Most people in the U.S. have no idea who Marcio Piancastelli is, and few are really all that aware of his designs. But to either Brazilians or geeky VW-philes, the man is a design legend, penning both the VW Brasilia and the SP-2. He passed yesterday at 79, and I think it’s worth taking a moment to appreciate the man and his work.
Piancastelli was born in 1936 to a father who had a furniture factory, where young Marcio had his first hand at design. When he was 26, he won a design contest with drawings of a little sportscar named Itapuan. The jury for the contest included such greats as Brooks Stevens, and the prize was a year’s internship at Ghia in Italy.

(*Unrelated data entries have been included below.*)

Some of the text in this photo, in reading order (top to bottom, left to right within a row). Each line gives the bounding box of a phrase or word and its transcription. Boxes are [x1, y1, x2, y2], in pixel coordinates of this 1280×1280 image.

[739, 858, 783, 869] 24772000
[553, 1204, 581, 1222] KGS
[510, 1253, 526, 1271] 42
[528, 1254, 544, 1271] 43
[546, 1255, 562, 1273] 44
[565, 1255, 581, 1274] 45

That’s a hell of a prize.
While at Ghia, Piancastelli designed an amazing little concept car called the Pian GT. The only images I’ve been able to find are a 3D recreation by Dan Palatnik, but they’re good enough to see what a striking, well-proportioned little car it was, and at this early stage you can see the clean, crisp approach to auto design that would show up later in Piancastelli’s work.
After his stint at Ghia, Piancastelli went back to Brazil to work for Willys-Overland, and when Willys-Overland was bought out by Ford, Piancastelli moved to Volkswagen, where he made some of his most important designs.

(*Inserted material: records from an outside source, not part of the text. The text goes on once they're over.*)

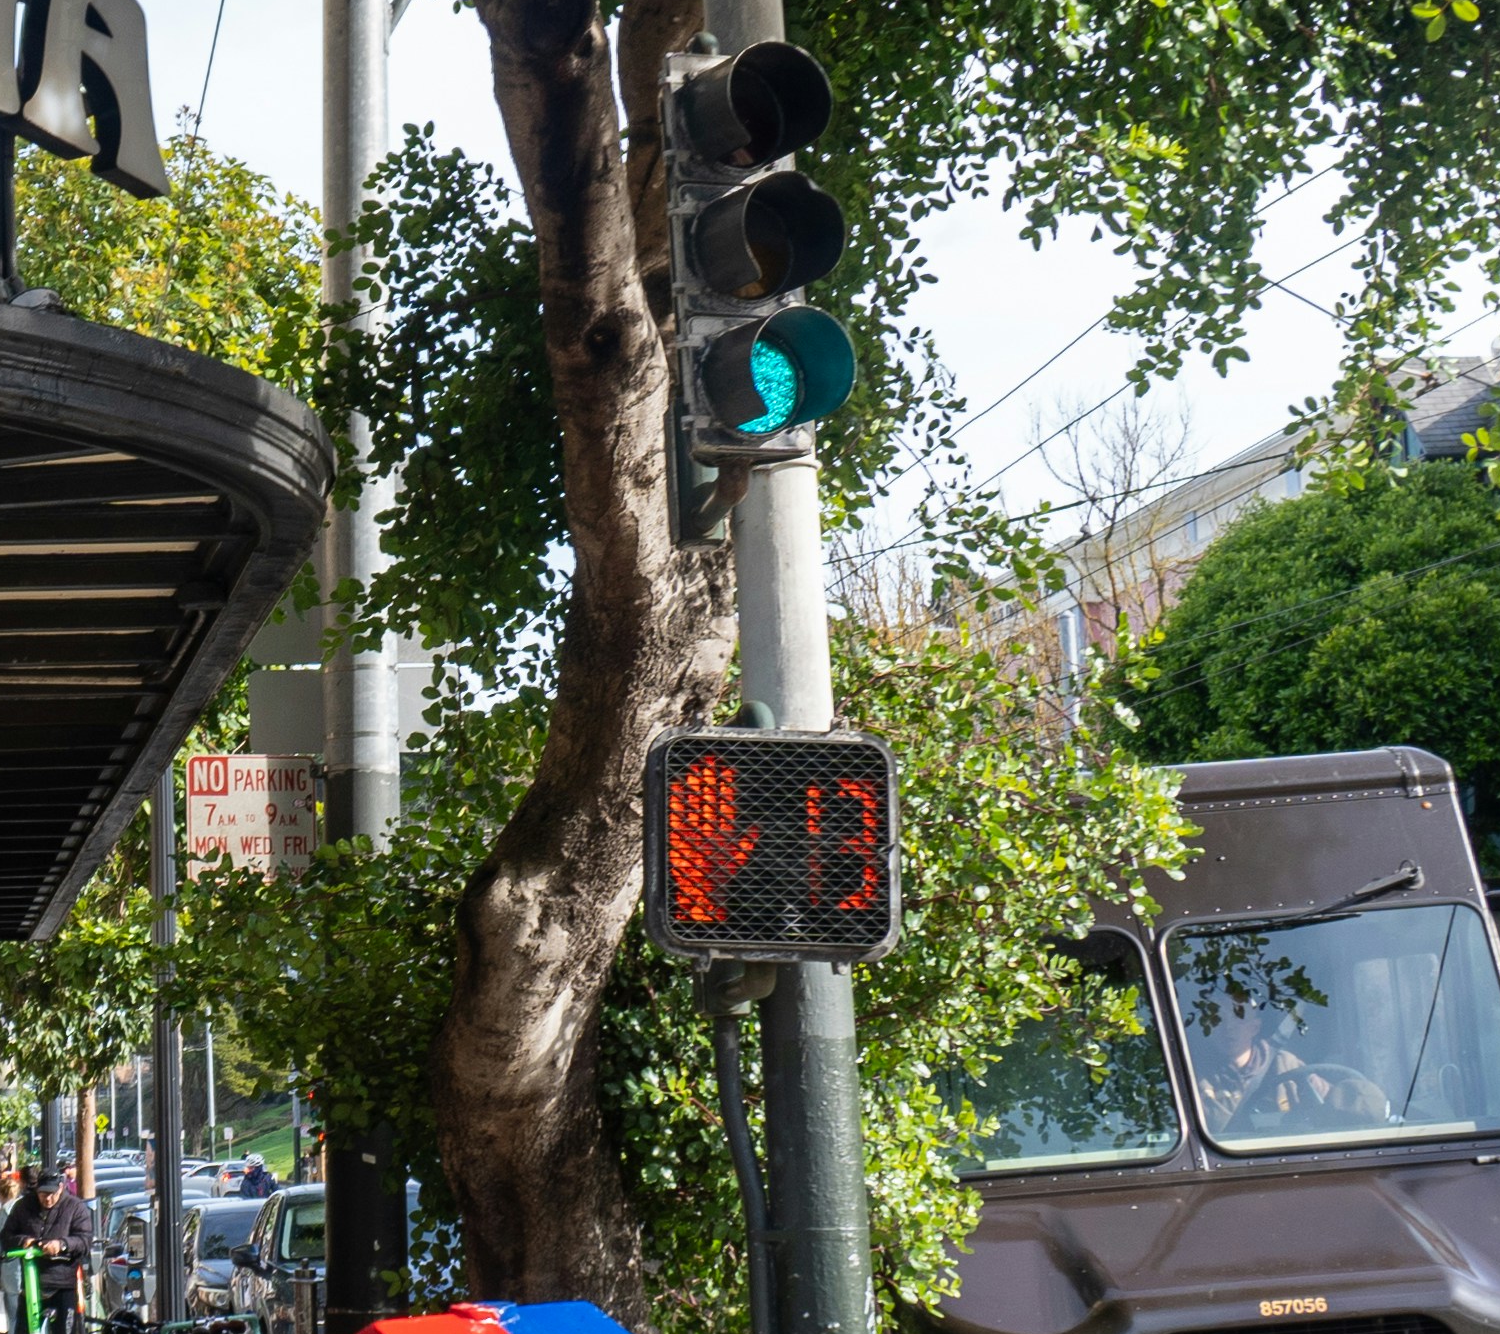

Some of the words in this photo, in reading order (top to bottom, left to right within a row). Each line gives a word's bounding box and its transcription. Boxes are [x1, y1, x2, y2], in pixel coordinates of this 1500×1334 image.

[192, 759, 226, 793] NO
[233, 768, 308, 792] PARKING
[204, 803, 217, 827] 7
[245, 814, 256, 823] TO
[265, 802, 278, 825] 9
[1259, 1297, 1328, 1317] 857056
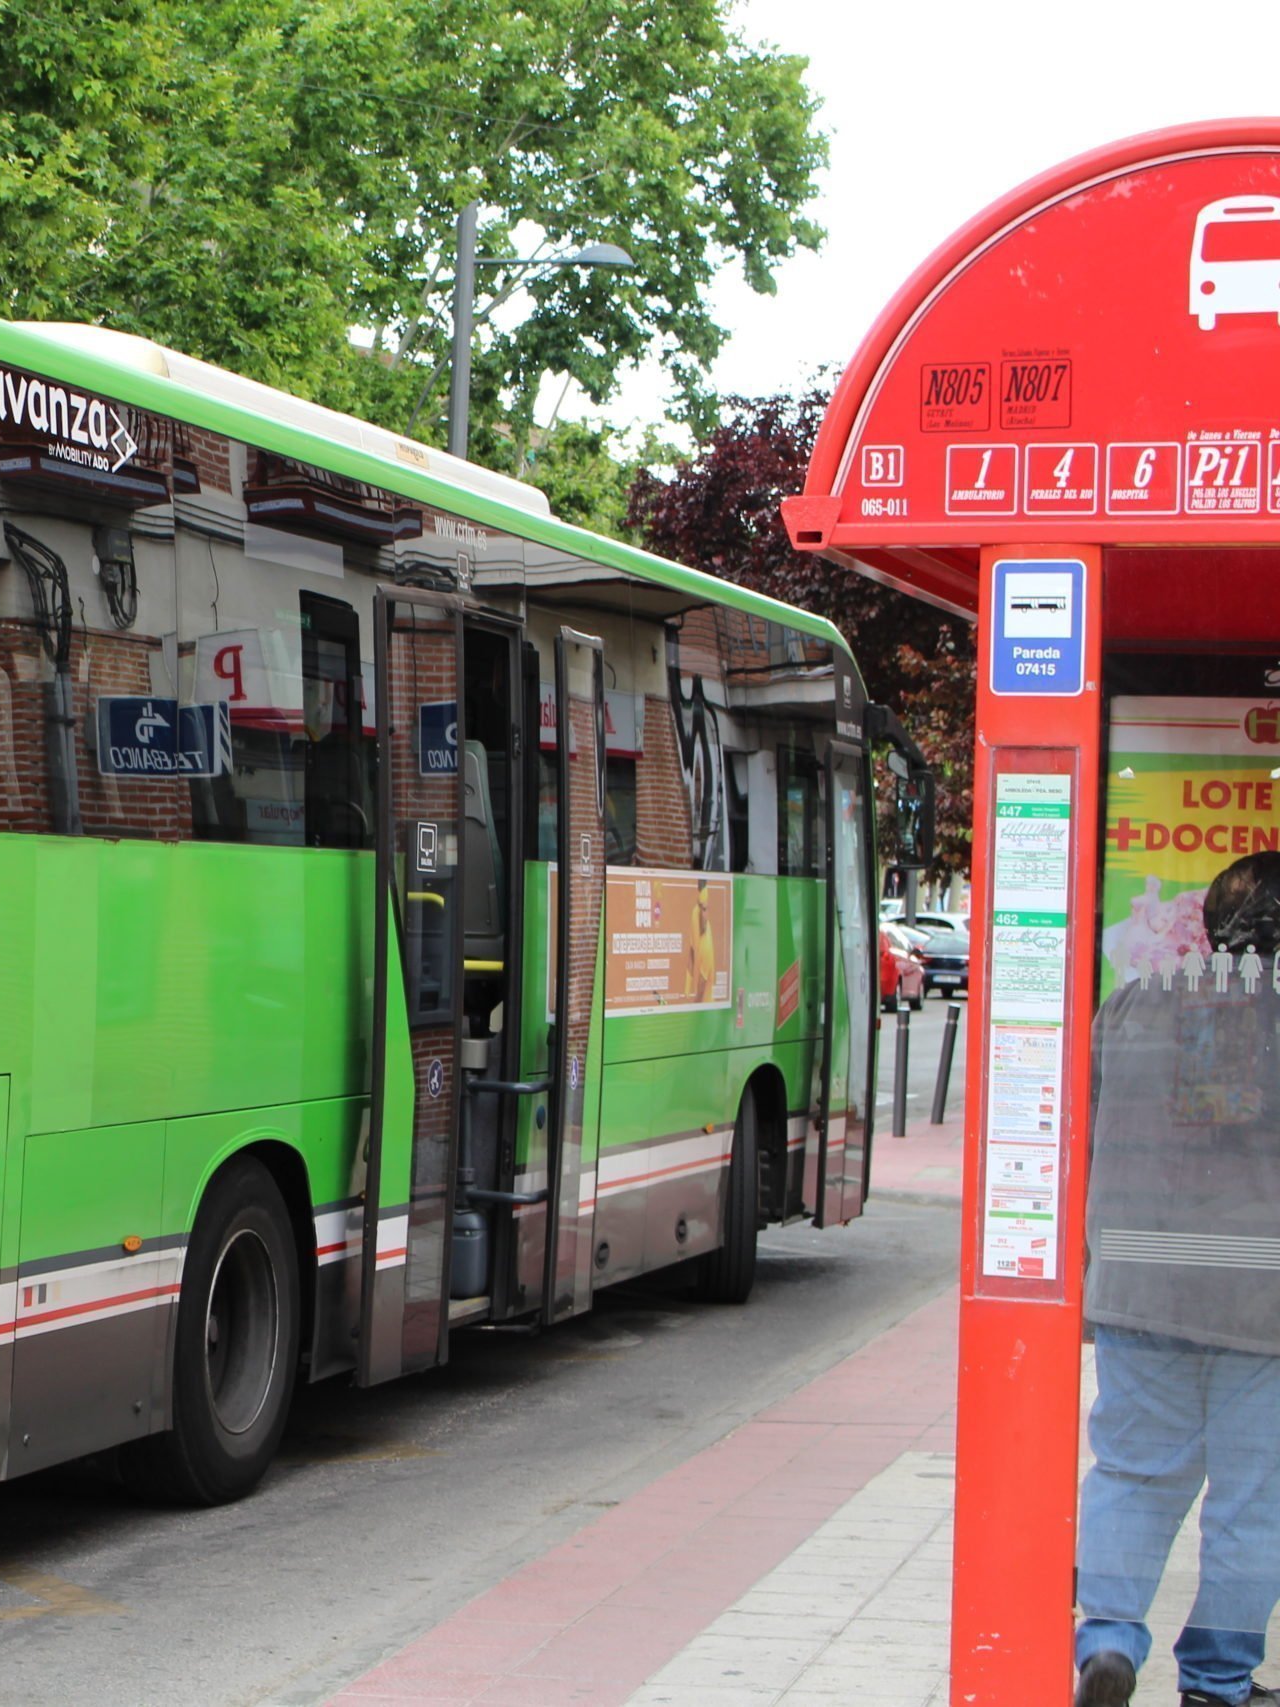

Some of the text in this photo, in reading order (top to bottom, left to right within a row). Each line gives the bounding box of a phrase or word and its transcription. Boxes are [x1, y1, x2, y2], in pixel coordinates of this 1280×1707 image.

His first VW project was in 1969 to Brazil-ify the VW Type III. Piancastelli took the almost-British, slightly dowdy look of the Type III and gave it dual lights, a somewhat more determined-looking face, somewhat cleaner lines, and what sure looks a lot like a Hofmeister kink on the rear quarter windows. Many thought it had a better look than the Fatherland’s own Type III Fastback, including VW Brazil head Rudolf Leiding, who gave Piancastelli’s team a bonus out of his own pocket.

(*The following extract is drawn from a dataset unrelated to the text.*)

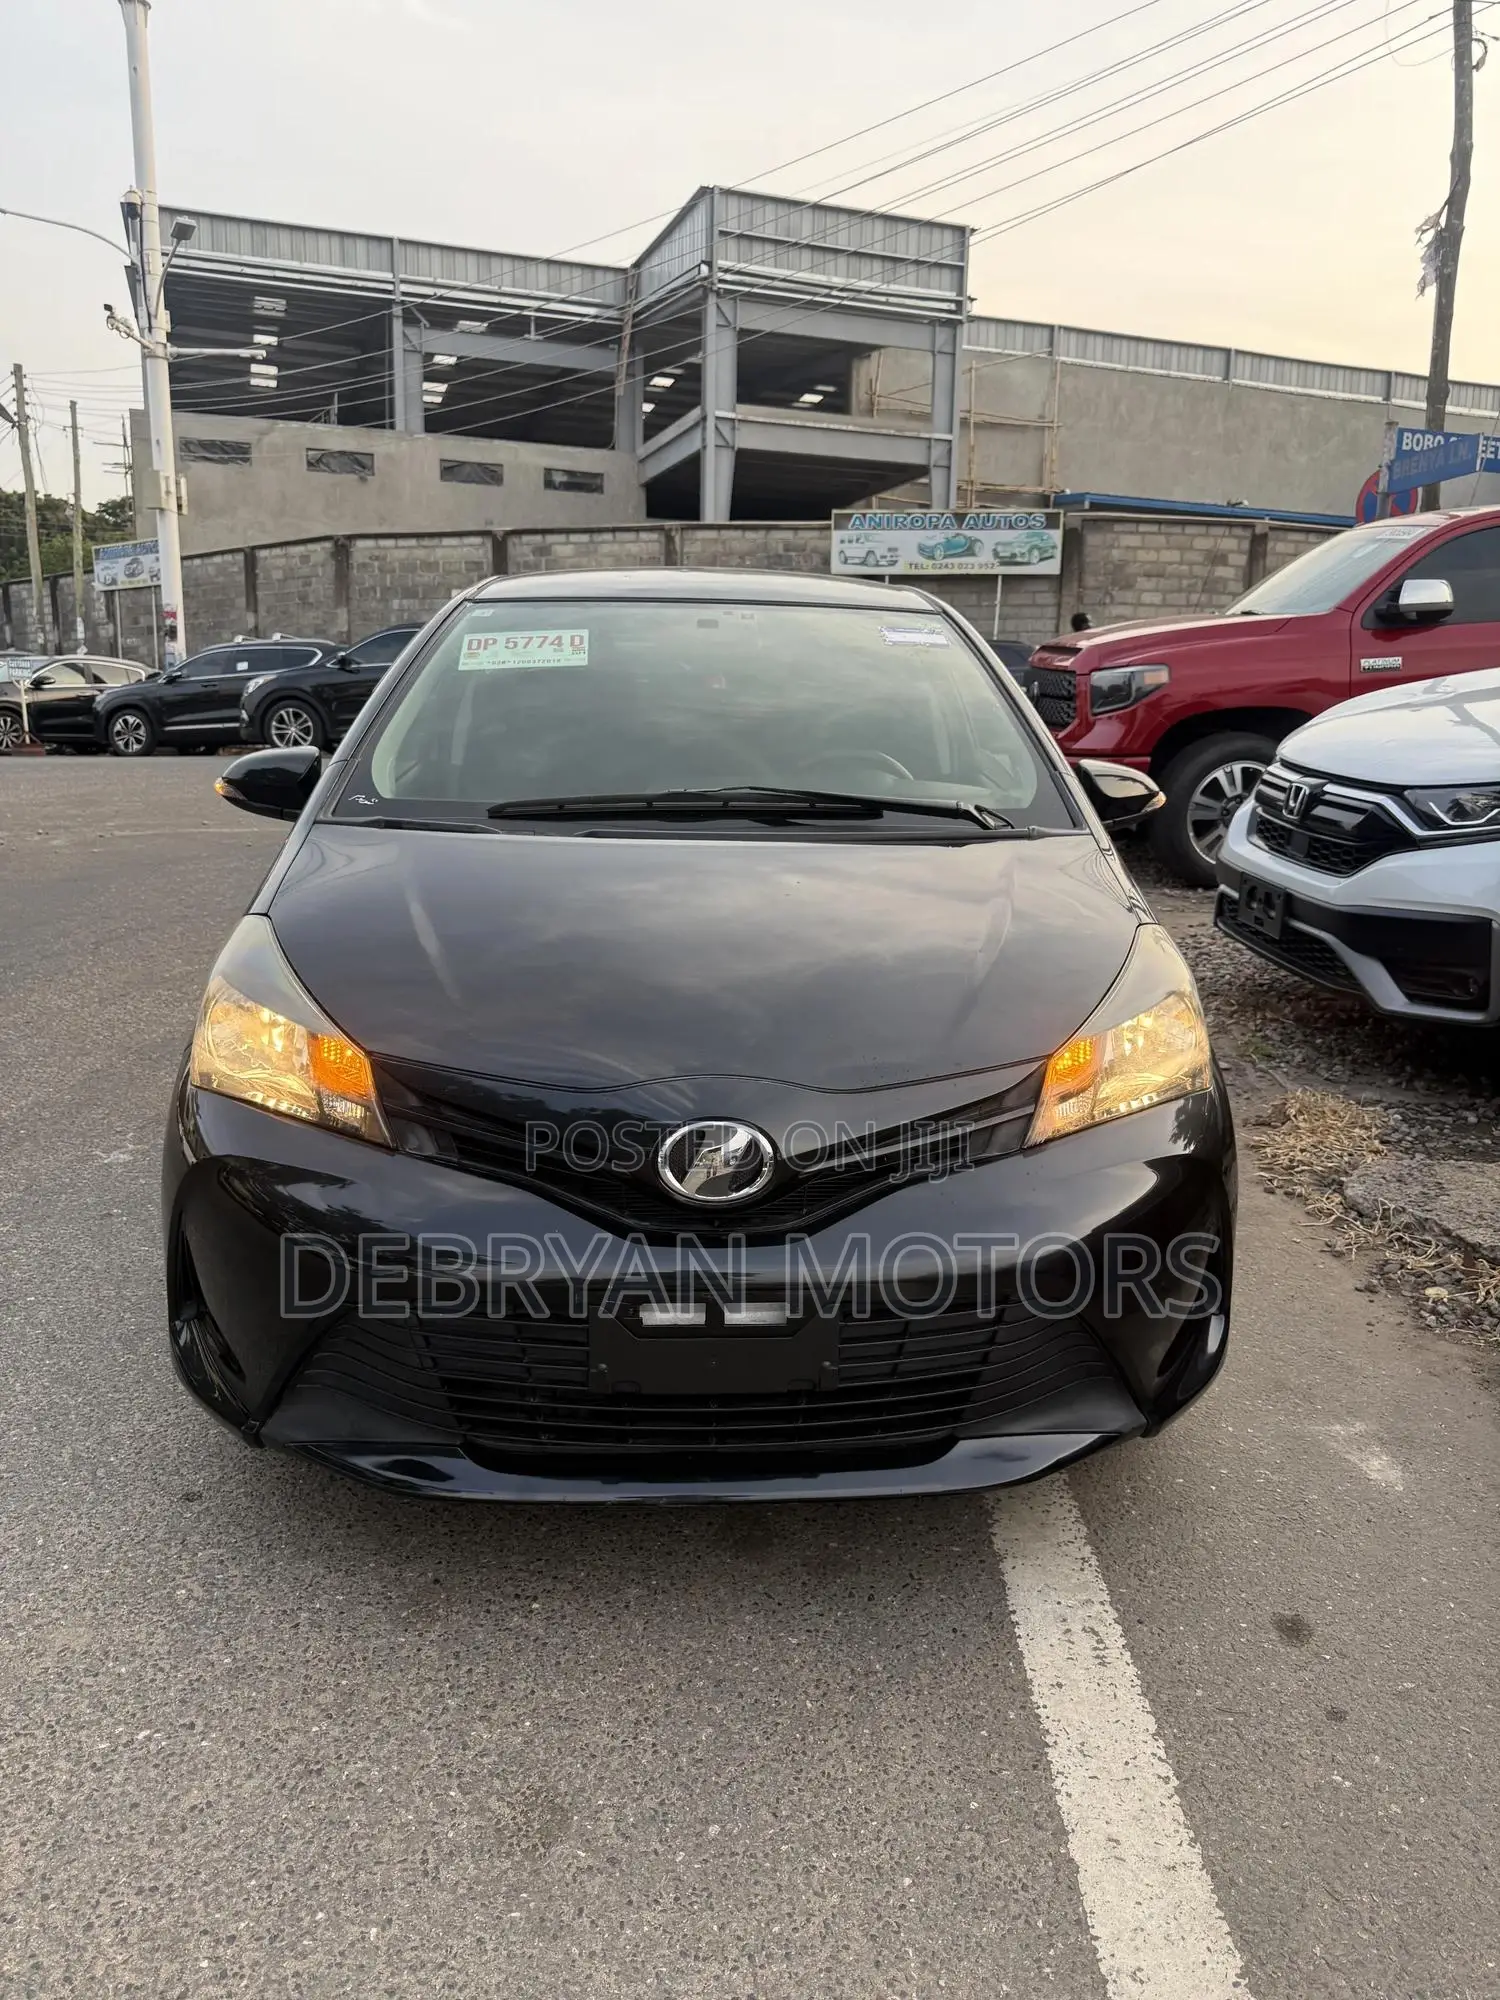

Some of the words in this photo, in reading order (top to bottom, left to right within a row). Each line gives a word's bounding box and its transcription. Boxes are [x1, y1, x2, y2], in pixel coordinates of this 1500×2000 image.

Next, VW decided they wanted a sportscar to compete with the also VW-based Brazilian Puma. Like almost everything VW Brazil did, this had to be accomplished using an existing VW platform. Piancastelli was up to the challenge, and on a stock Type III chassis he designed a low, sleek, dramatic-looking sportscar called the SP, which some say stands for Sao Paulo and some say Sports Prototype. It really doesn’t matter, because the car looked incredible no matter what the acronym.
It may be the most dramatic sportscar VW ever built on an air-cooled chassis. (Yeah, yeah. Keep your 911 jokes to yourselves, please.) Well, at least in looks — the SP, using the exact drivetrain as the stock 1600cc Type III, made only 65HP. It was writing so many beautiful checks its butt had no hope of cashing. After building 88 of these, VW Brazil adjusted their collective ties and put in a 1700cc dual-carb engine to make a staggering 75HP. They called this one the SP2. Better, sure, but still no monster.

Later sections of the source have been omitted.